YOUR OBJECTIVE
Leave out the images and repeat every entry below exactly.

◇ ◇ ◇ ◇

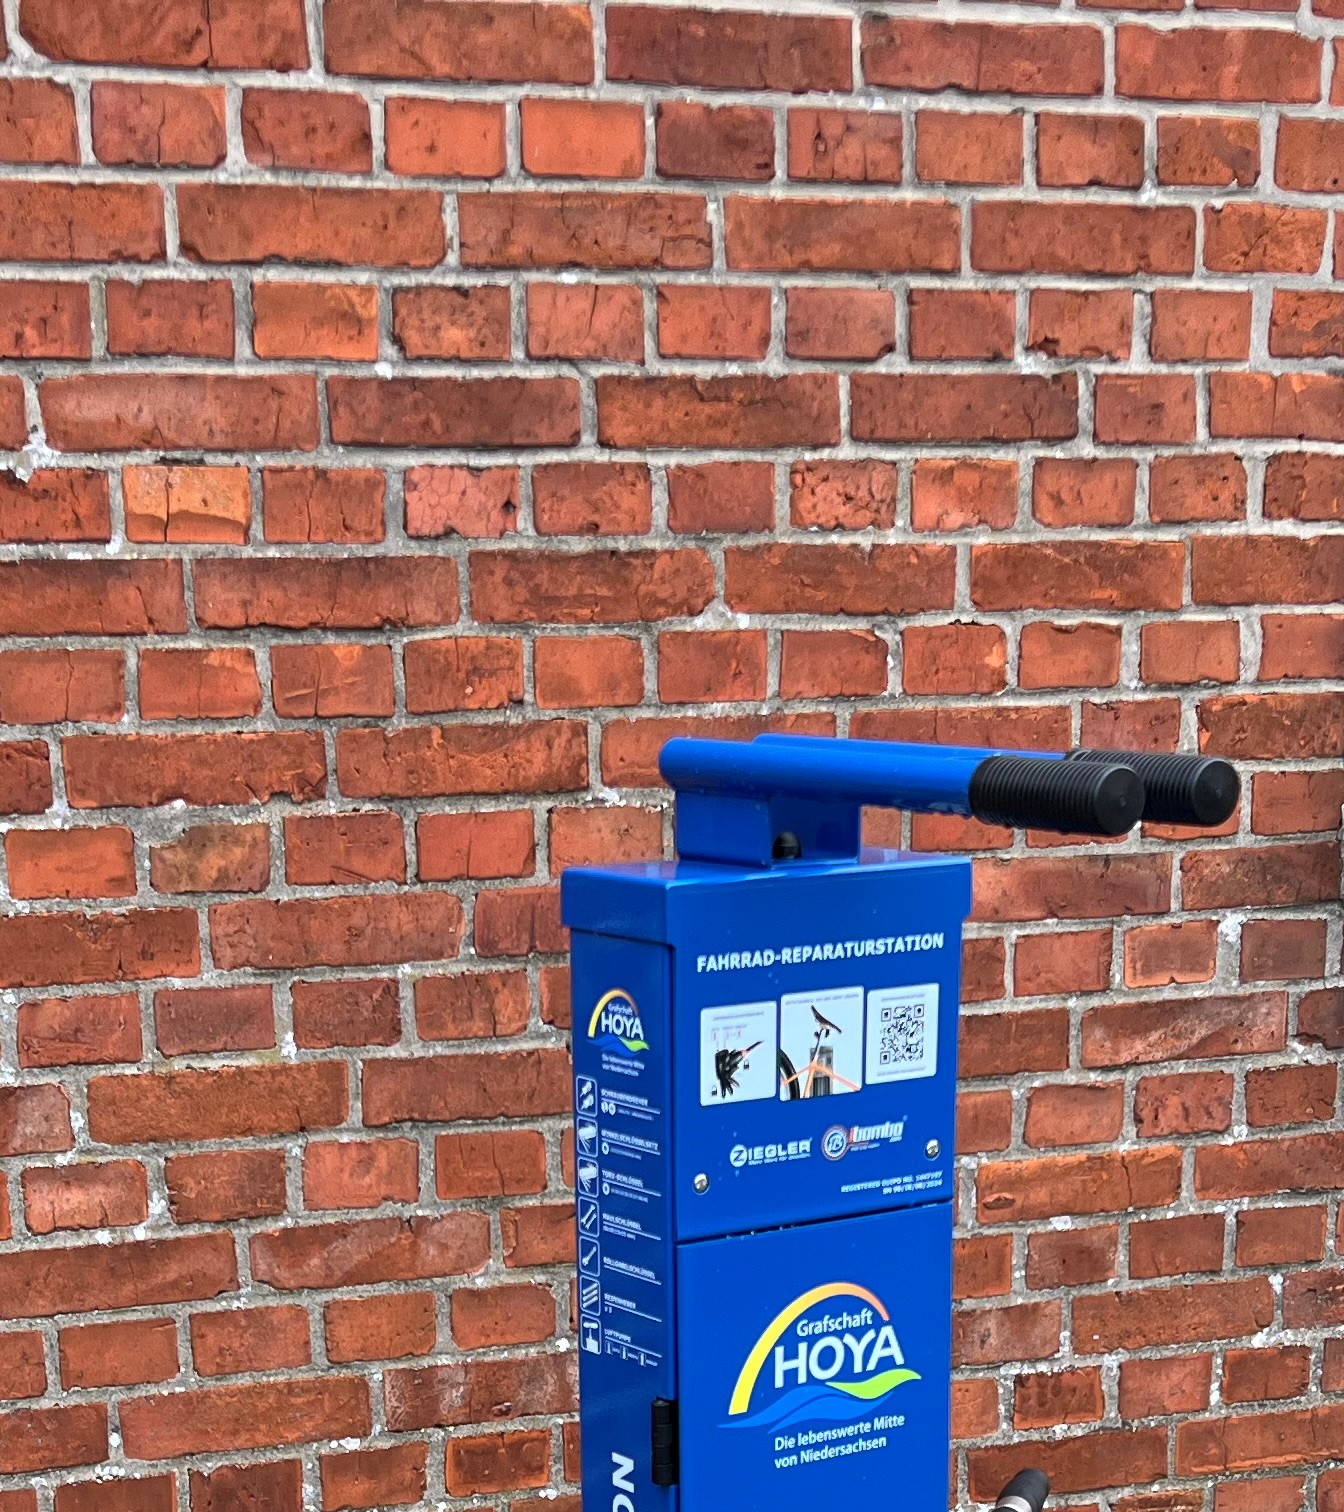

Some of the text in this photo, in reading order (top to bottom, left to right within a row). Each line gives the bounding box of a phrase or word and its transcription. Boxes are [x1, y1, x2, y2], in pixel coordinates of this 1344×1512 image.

[697, 933, 944, 972] FAHRRAD-REPARATURSTATION
[601, 1011, 644, 1040] HOYA
[730, 1139, 811, 1167] ZIEGLER
[796, 1307, 874, 1337] Grafschaft
[774, 1324, 905, 1389] HOYA
[774, 1415, 905, 1451] Die lebenswerte Mitte
[774, 1437, 887, 1469] von Niedersachsen
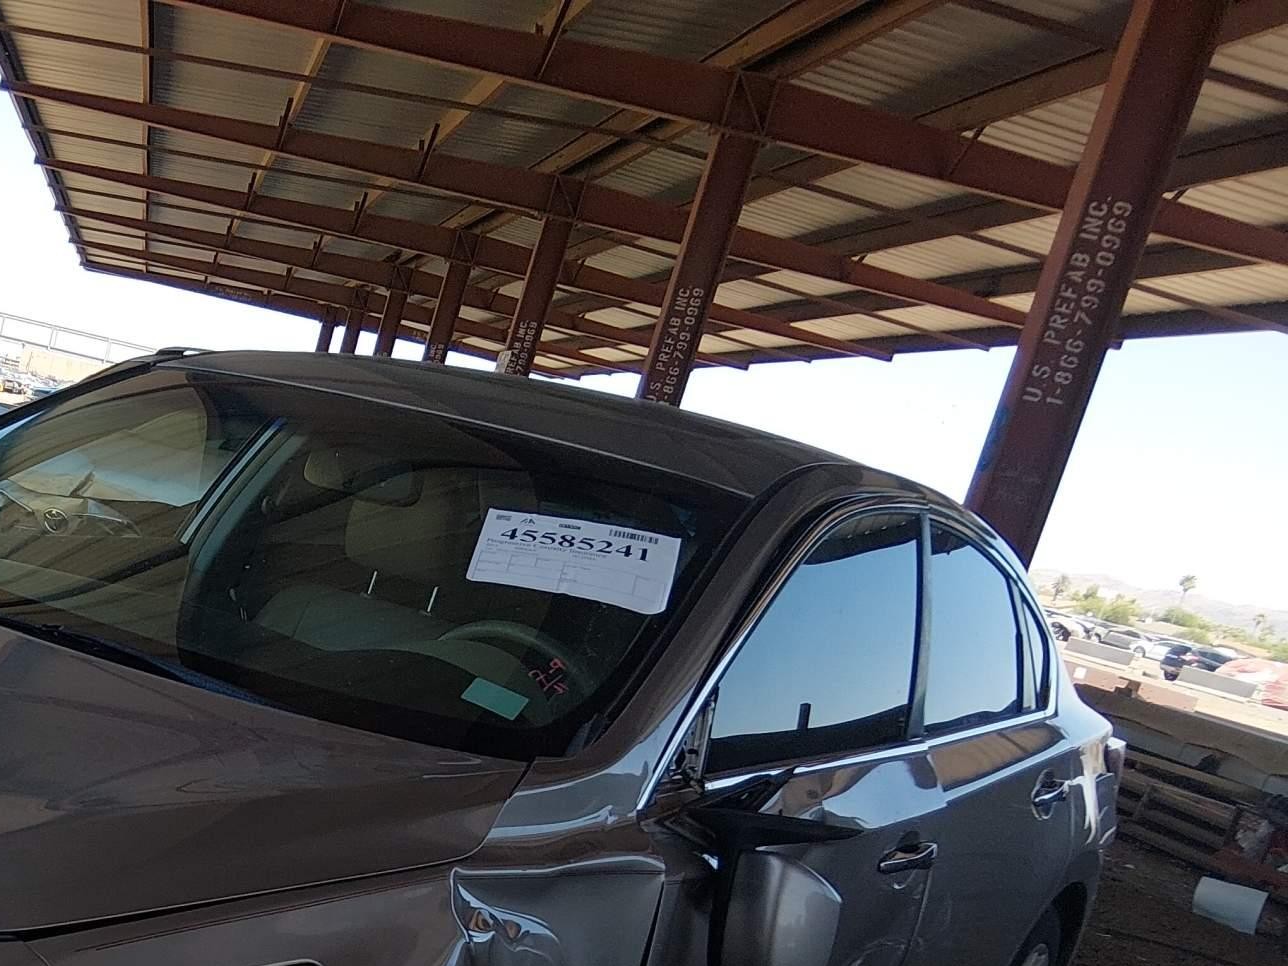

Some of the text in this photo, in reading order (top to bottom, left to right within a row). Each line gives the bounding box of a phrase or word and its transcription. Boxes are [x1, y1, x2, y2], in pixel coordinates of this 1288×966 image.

[1044, 252, 1091, 345] PREFAB
[1080, 195, 1113, 241] INC.
[1046, 201, 1133, 405] 1-866-799-0969
[655, 317, 681, 371] PREFAB
[674, 286, 693, 311] INC.
[662, 288, 704, 404] -866-799-0969
[500, 527, 650, 562] 45585241
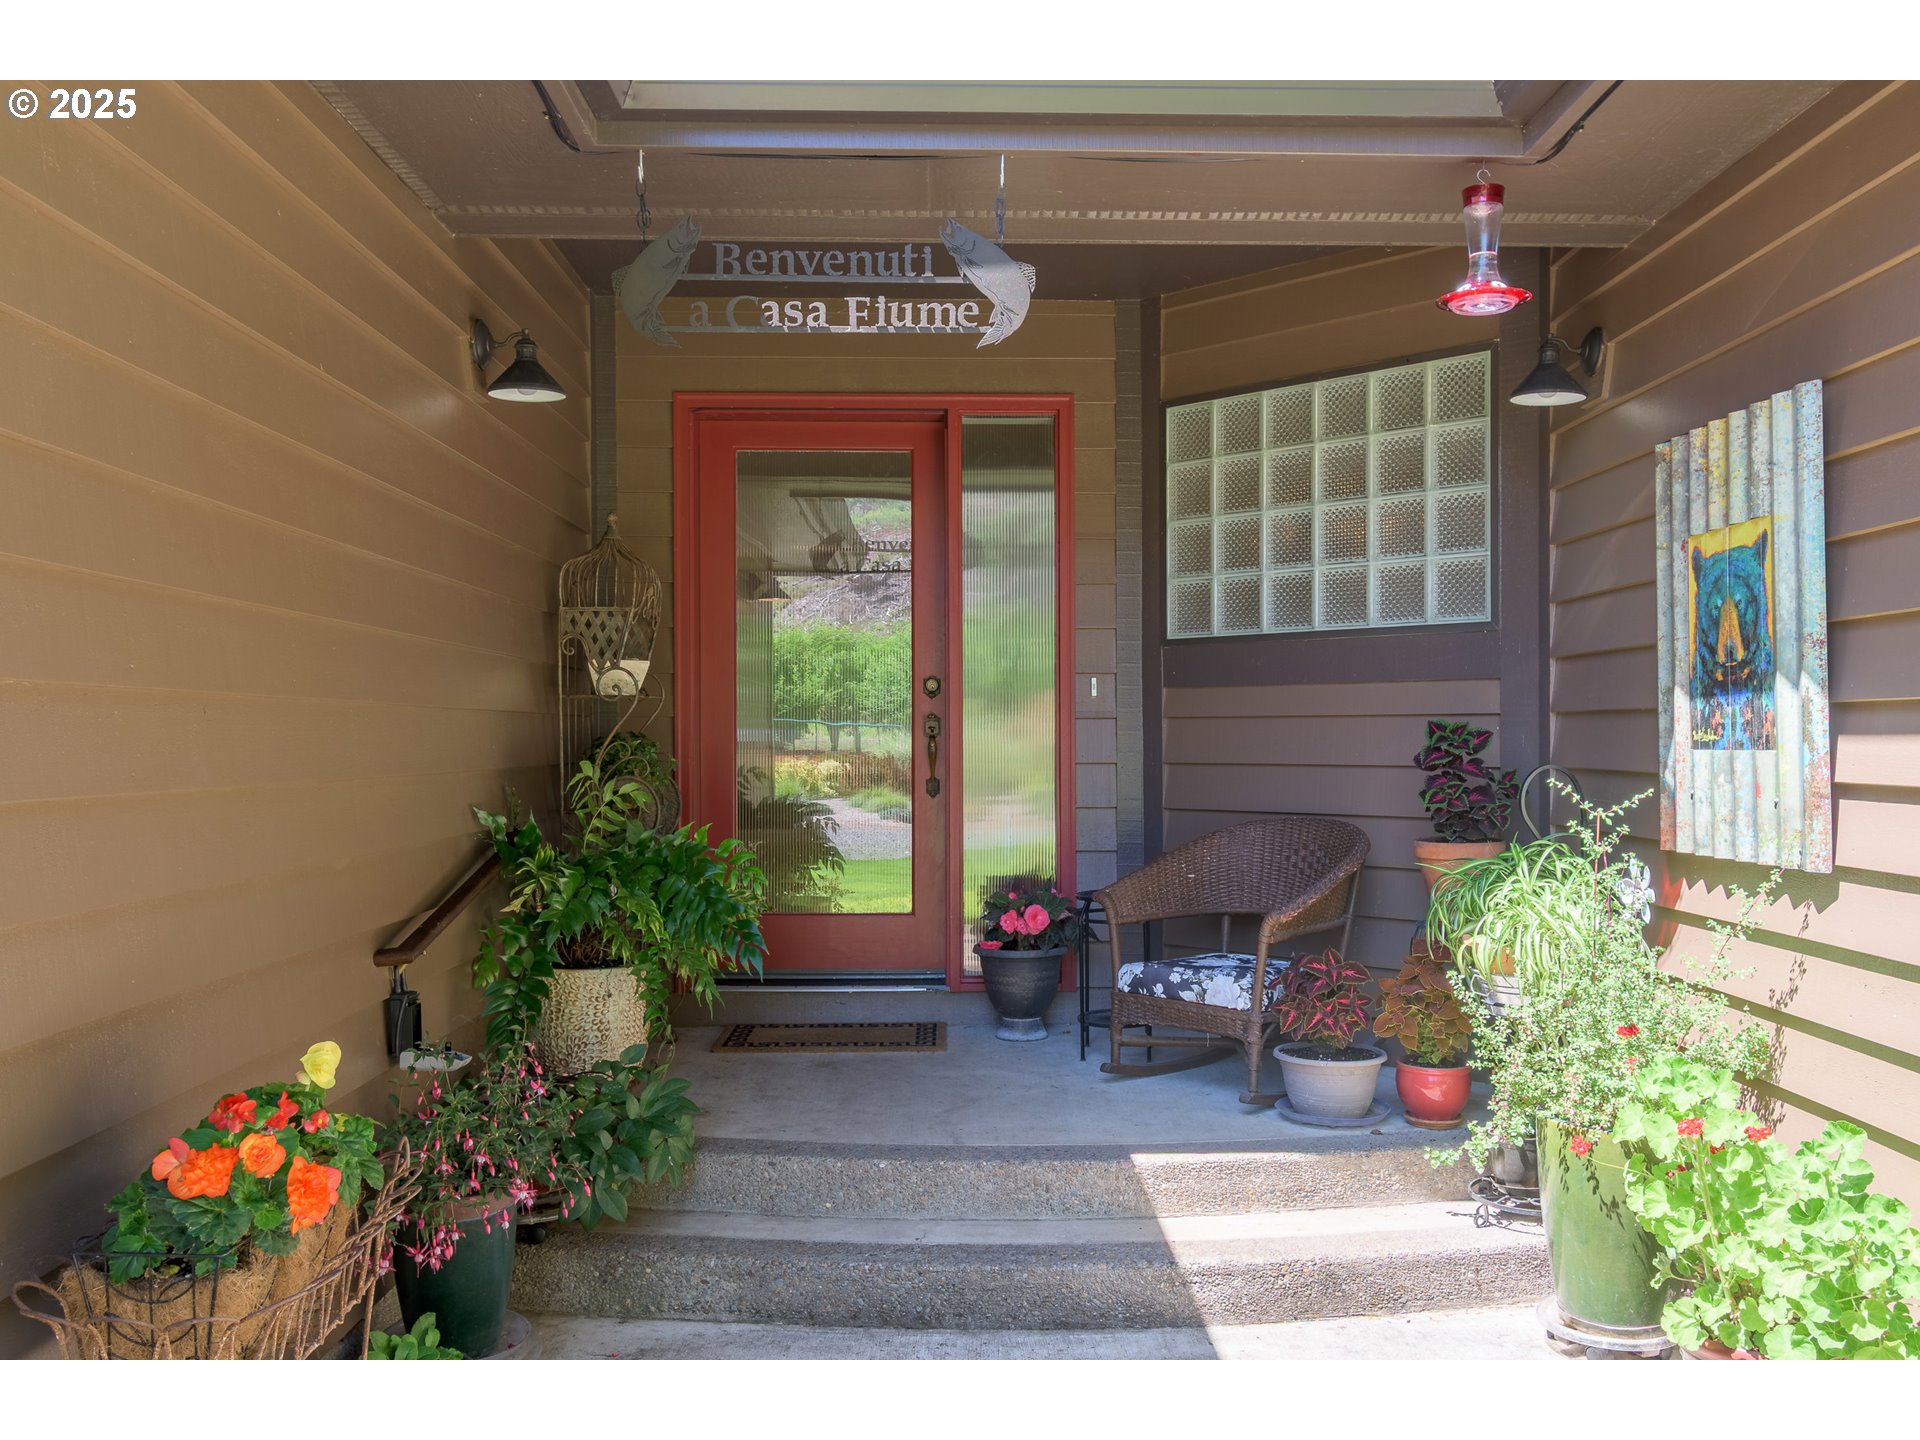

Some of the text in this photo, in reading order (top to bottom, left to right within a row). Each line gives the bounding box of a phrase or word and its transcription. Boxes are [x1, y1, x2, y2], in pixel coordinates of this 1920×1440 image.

[712, 241, 935, 279] Benvenuti
[689, 295, 980, 333] a Casa Fiume
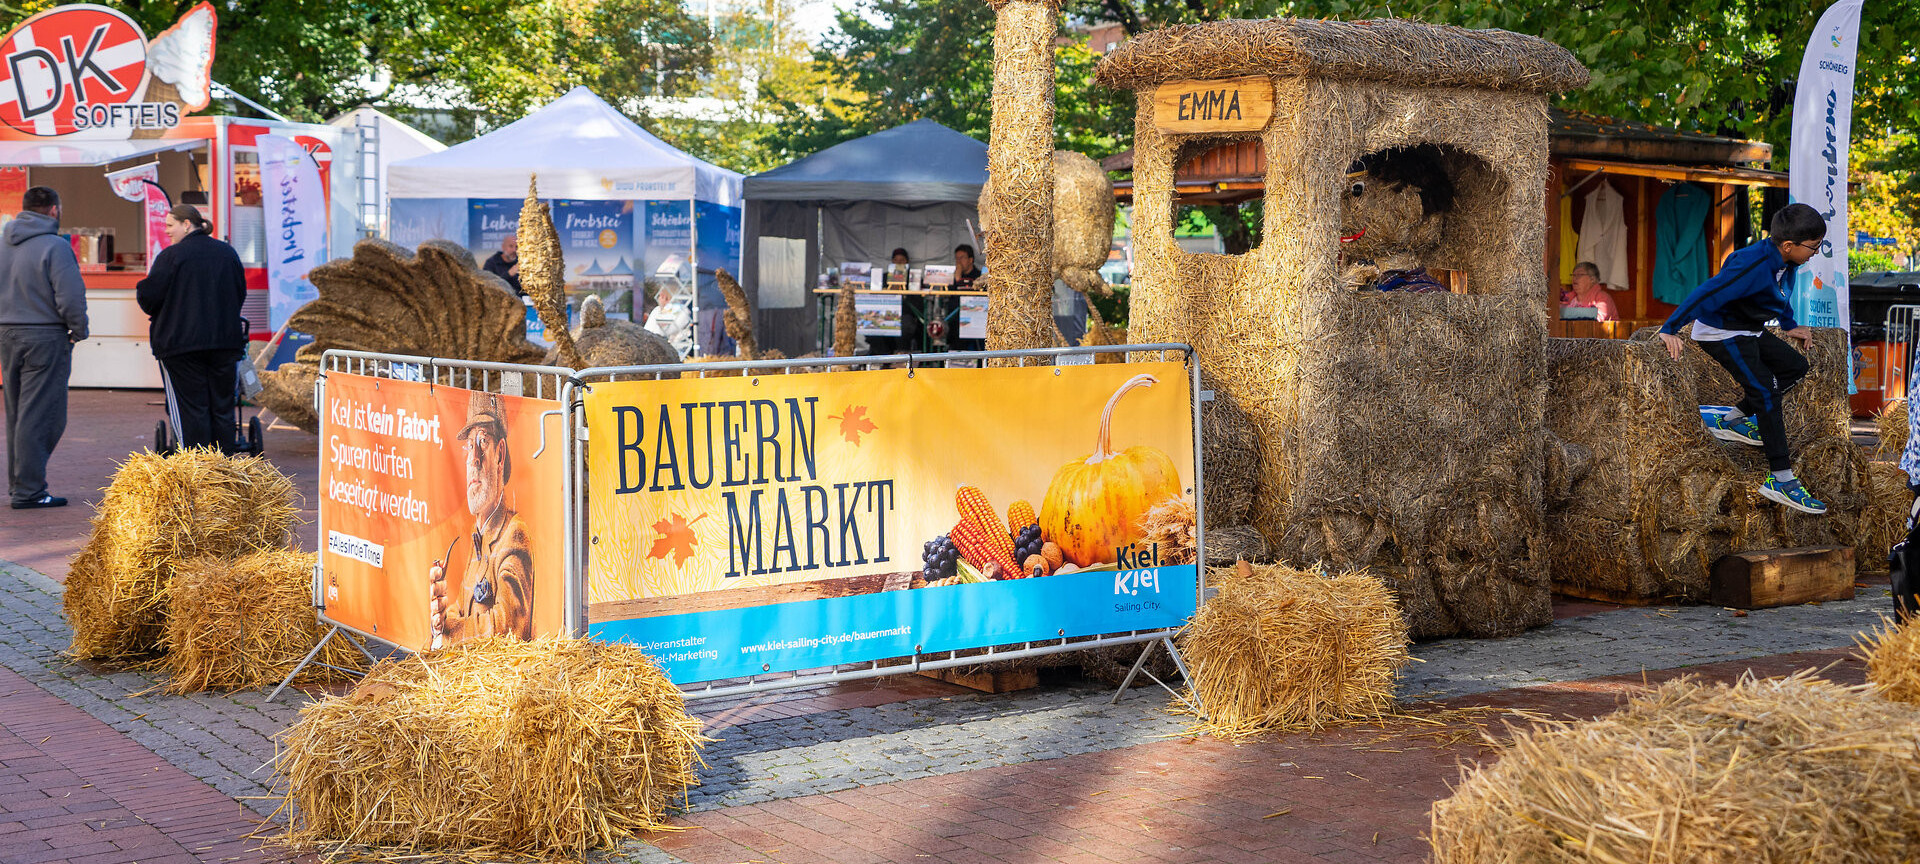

◇ ◇ ◇ ◇

RESPONSE
Some of the text in this photo, in reading order (top to bottom, left to right within a row). Each line gives the bounding box of a phrase or word and its transcription. Boxes are [x1, y1, x2, y2], in pixel coordinates of this 1344×1512 image.

[697, 933, 944, 972] FAHRRAD-REPARATURSTATION
[601, 1011, 644, 1040] HOYA
[730, 1139, 811, 1167] ZIEGLER
[796, 1307, 874, 1337] Grafschaft
[774, 1324, 905, 1389] HOYA
[774, 1415, 905, 1451] Die lebenswerte Mitte
[774, 1437, 887, 1469] von Niedersachsen

Some of the text in this photo, in reading order (top to bottom, left to right within a row). Each line gives the bounding box of a phrase or word and its transcription. Boxes are [x1, y1, x2, y2], in pixel coordinates of this 1288×966 image.

[1044, 252, 1091, 345] PREFAB
[1080, 195, 1113, 241] INC.
[1046, 201, 1133, 405] 1-866-799-0969
[655, 317, 681, 371] PREFAB
[674, 286, 693, 311] INC.
[662, 288, 704, 404] -866-799-0969
[500, 527, 650, 562] 45585241

Some of the text in this photo, in reading order (top to bottom, left to right within a row). Each line gives the bounding box of a phrase or word and its transcription. Boxes are [x1, y1, x2, y2], in pixel coordinates of this 1920×1440 image.

[712, 241, 935, 279] Benvenuti
[689, 295, 980, 333] a Casa Fiume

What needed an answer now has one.